Task description ->
All entries below are to be returned exactly, with pictures left out.

(Beginning of Data shown)

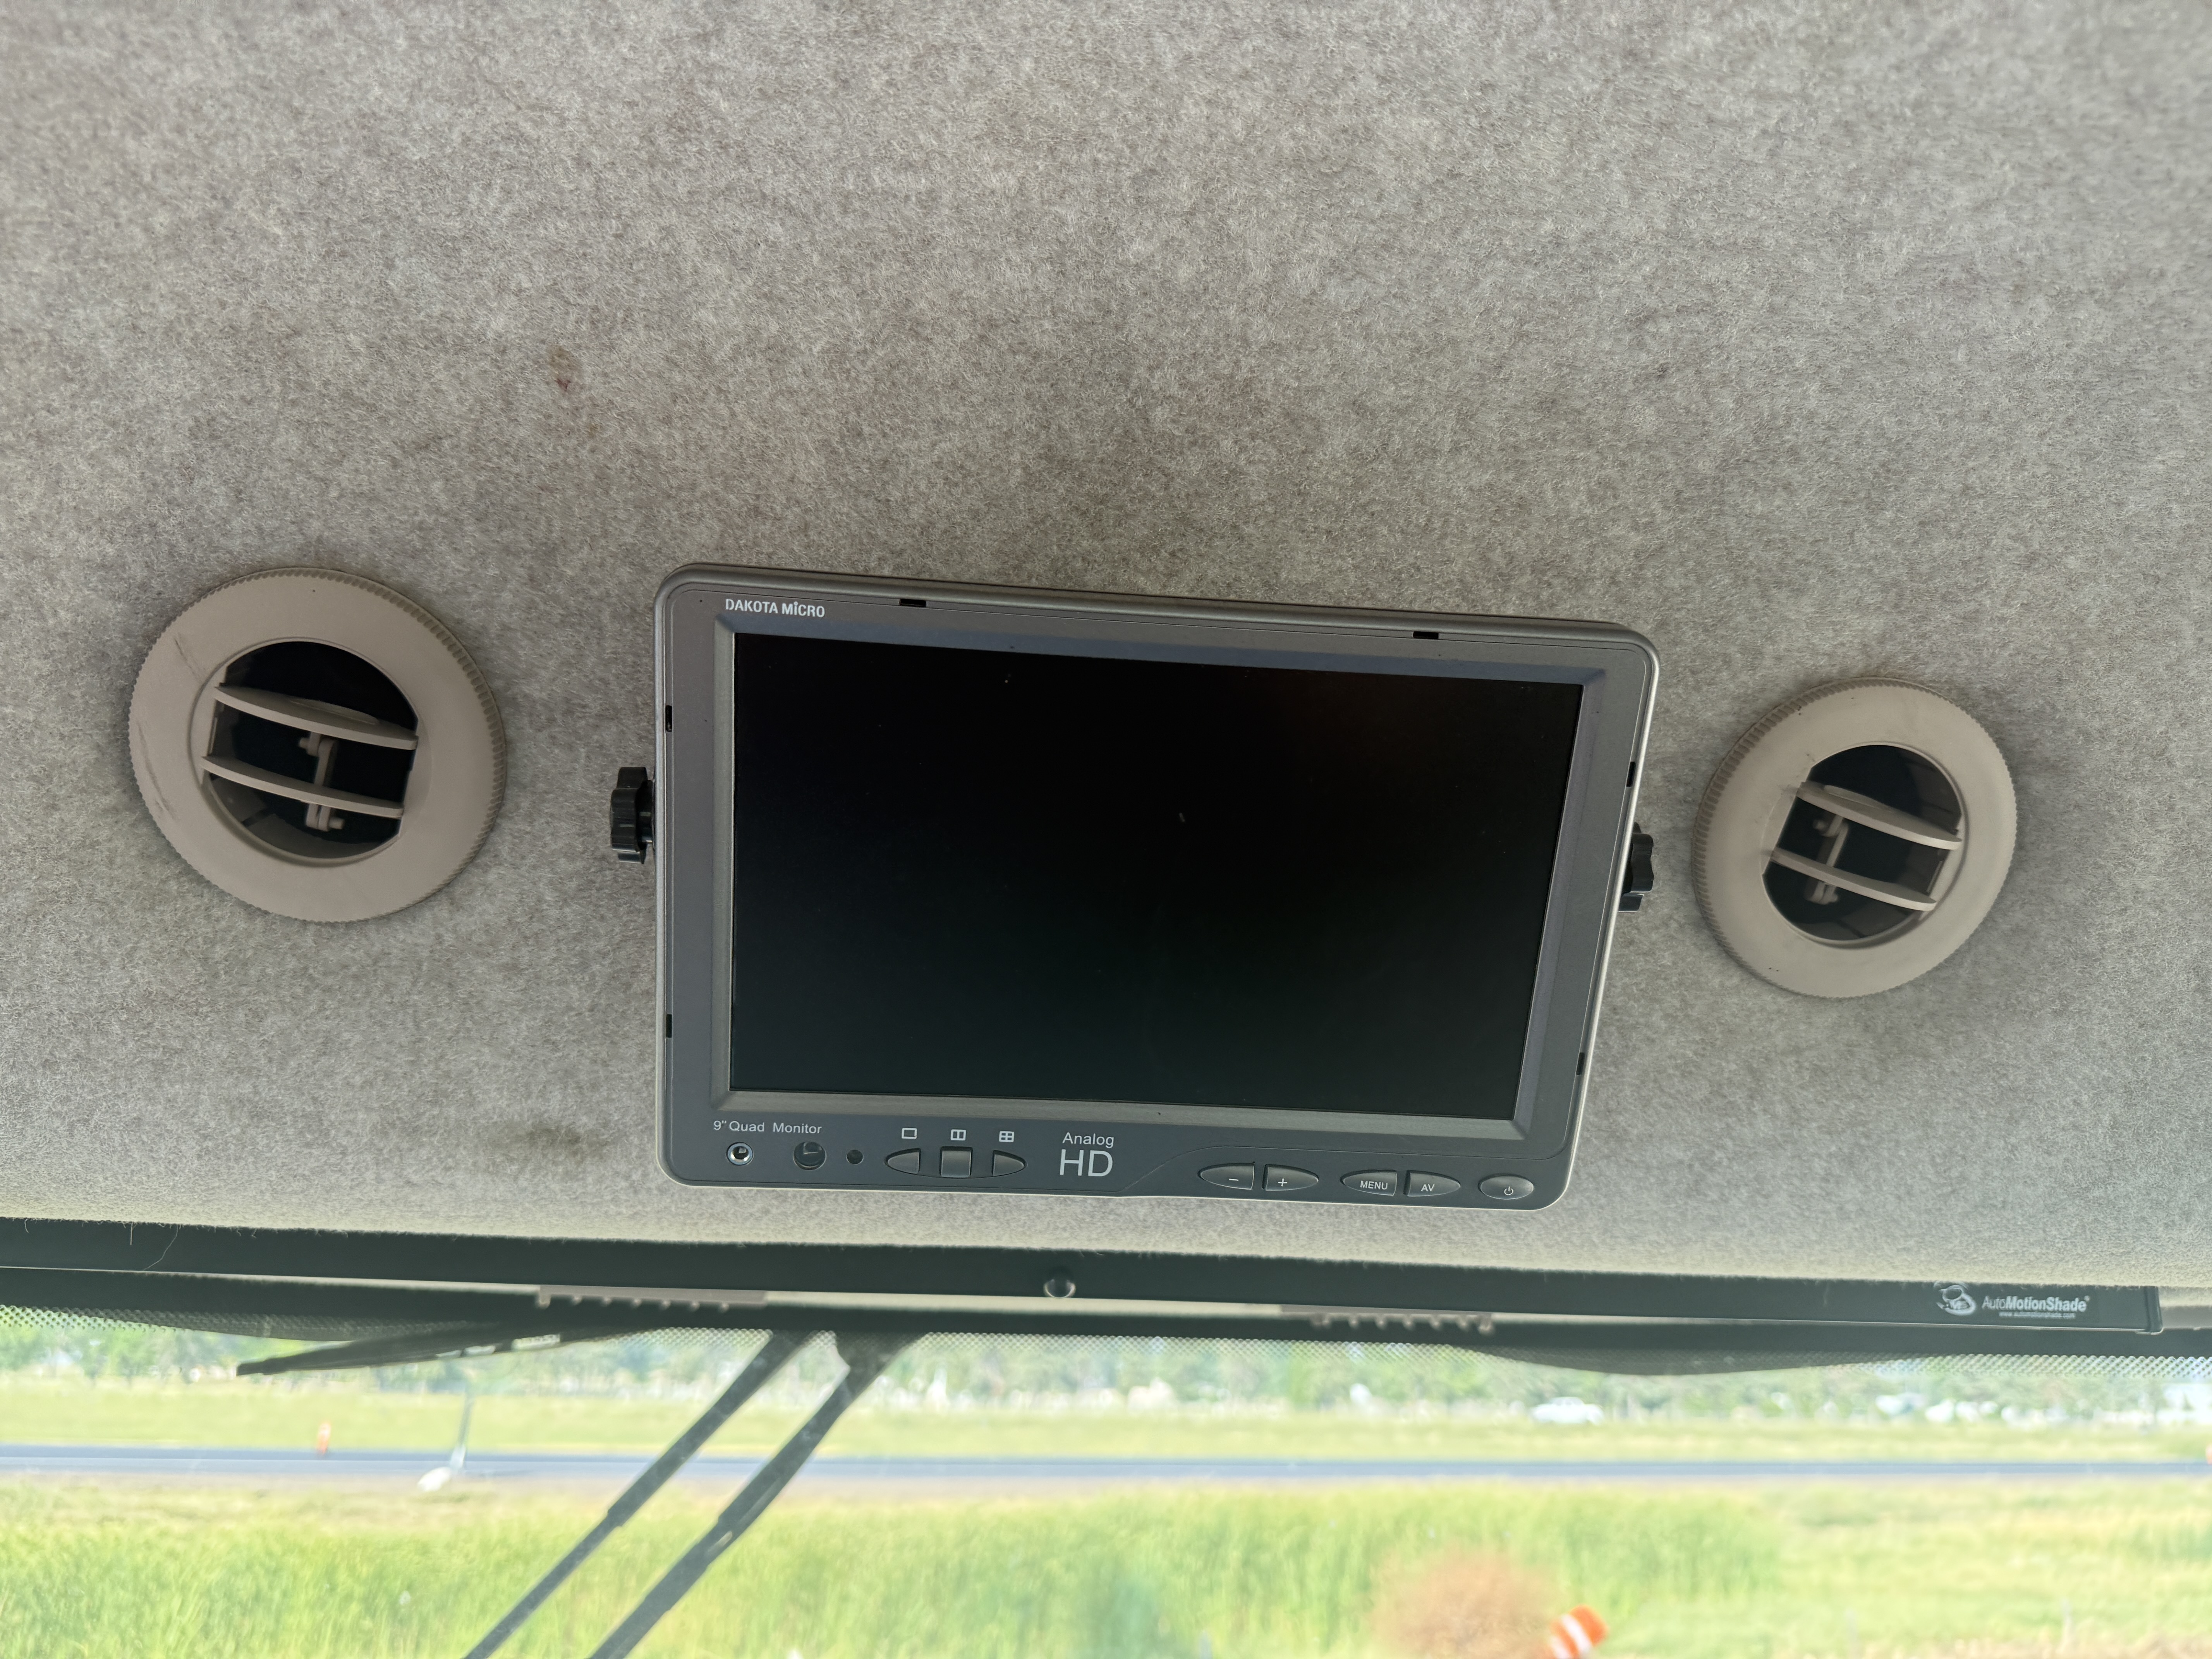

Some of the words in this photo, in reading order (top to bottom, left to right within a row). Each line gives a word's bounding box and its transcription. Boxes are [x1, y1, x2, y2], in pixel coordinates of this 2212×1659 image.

[725, 599, 778, 614] DAKOTA
[729, 1120, 765, 1132] Quad
[773, 1122, 822, 1134] Monitor
[1062, 1132, 1114, 1149] Analog
[1060, 1149, 1113, 1177] HD
[1360, 1180, 1388, 1190] MENU
[1420, 1183, 1435, 1192] AV

(End of Data shown)

Task answer ->
Some of the words in this photo, in reading order (top to bottom, left to right within a row). Each line gives a word's bounding box and its transcription. Boxes are [x1, y1, x2, y2], in pixel coordinates of this 2212×1659 image.

[725, 599, 778, 614] DAKOTA
[729, 1120, 765, 1132] Quad
[773, 1122, 822, 1134] Monitor
[1062, 1132, 1114, 1149] Analog
[1060, 1149, 1113, 1177] HD
[1360, 1180, 1388, 1190] MENU
[1420, 1183, 1435, 1192] AV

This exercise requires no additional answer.